We Presbyterians like to talk about our “offices” – I don’t mean the room our desks are in, I mean the function of our calling in the church. People usually think of words like Ministers, Elders, and Deacons when we say “office.” Every office has duties and work assigned to it. For example, as a minister, I have a pastoral duty to ensure the continuity of the apostolic teaching and life as the years pass after the apostolic age. That is my part of the work of the church – to build up the body of Christ – that’s why God gave us the gifts he has given.
I am also supposed to remind people of the meaning and practical implications of the Gospel – the good news of Jesus Christ which led them into the body of Christ in the first place. My office has a lot to do with Orthodoxy and Piety…
What about you? Are you fulfilling God’s calling to your office? Don’t think you have one? You do.
It is really sad that the pastoral office, with its concern for guarding orthodoxy and helping people on the narrow path, has in many places tended to convey a message that this kind of leadership is the only leadership we mean when we talk about pastoral care.
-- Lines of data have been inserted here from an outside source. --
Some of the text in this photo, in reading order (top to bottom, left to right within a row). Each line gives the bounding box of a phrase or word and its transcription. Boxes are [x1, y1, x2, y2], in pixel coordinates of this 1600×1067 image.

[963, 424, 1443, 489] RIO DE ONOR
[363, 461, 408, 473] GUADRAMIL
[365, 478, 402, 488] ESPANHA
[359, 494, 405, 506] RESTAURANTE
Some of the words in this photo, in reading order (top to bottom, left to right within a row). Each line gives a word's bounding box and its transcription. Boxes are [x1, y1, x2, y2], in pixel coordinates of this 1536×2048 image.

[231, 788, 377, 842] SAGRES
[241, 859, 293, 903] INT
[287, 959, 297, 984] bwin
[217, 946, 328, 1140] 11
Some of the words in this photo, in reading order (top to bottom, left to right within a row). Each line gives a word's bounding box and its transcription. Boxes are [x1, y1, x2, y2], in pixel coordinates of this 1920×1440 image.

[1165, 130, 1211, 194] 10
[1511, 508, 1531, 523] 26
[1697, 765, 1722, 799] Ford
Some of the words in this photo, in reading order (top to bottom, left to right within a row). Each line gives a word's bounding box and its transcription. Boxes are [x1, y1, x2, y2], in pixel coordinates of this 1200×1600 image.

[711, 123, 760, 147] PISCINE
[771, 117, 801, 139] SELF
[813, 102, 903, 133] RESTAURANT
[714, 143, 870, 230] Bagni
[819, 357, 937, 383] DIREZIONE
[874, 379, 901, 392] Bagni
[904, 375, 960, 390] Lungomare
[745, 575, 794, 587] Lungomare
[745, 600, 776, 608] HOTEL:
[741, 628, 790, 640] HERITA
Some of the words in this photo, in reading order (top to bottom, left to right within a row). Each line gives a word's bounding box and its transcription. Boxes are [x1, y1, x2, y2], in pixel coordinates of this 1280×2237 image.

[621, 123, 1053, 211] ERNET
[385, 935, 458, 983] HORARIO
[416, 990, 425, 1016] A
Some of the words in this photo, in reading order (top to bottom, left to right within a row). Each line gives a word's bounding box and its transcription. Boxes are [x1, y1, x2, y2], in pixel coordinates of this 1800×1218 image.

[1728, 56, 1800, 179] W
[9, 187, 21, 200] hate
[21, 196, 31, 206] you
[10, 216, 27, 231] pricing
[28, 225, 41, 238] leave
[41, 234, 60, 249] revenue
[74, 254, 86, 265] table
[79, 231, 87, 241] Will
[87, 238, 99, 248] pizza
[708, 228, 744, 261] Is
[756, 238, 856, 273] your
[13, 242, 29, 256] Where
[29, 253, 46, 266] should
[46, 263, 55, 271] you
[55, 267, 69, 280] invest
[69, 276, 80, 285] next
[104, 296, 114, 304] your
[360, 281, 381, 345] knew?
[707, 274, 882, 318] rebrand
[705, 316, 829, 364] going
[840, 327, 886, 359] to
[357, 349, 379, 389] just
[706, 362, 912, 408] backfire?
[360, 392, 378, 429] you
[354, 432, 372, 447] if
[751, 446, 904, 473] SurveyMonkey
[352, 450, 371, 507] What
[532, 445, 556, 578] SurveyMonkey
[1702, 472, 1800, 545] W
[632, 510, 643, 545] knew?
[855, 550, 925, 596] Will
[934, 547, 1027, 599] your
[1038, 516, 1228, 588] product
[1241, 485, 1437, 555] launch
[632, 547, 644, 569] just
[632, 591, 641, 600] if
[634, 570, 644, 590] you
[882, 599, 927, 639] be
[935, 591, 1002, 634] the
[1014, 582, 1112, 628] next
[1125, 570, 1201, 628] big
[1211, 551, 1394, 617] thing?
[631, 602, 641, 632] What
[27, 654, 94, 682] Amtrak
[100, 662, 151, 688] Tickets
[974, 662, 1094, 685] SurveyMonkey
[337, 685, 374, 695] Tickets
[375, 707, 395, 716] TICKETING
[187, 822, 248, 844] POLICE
Now, all believers are rightly to be said to have an “office,” in that they have a duty to serve the Lord Jesus Christ in his church. We are called to follow Him, the Good Shepherd. To hear his voice and obey Him. Do you know what the primary feature of the image and character of the Good Shepherd is? It’s Jesus’ self-sacrificial love for his sheep, an accomplished work of His (the cross and resurrection) which calls for an unfettered response from every one of His followers — that’s your office, that’s my office. In this task, leaders and teachers have no special privilege in this central meaning of shepherding; The Good Shepherd’s self-sacrificial love is a call we must all learn to answer in the exploration of the pastorhood of all believers. Keeping our nose in the Word and our feet moving and carrying the Gospel, our mission on earth is promoting and extending the awesome reality that each person has a call to lead in this special way – the Way of the Good Shepherd.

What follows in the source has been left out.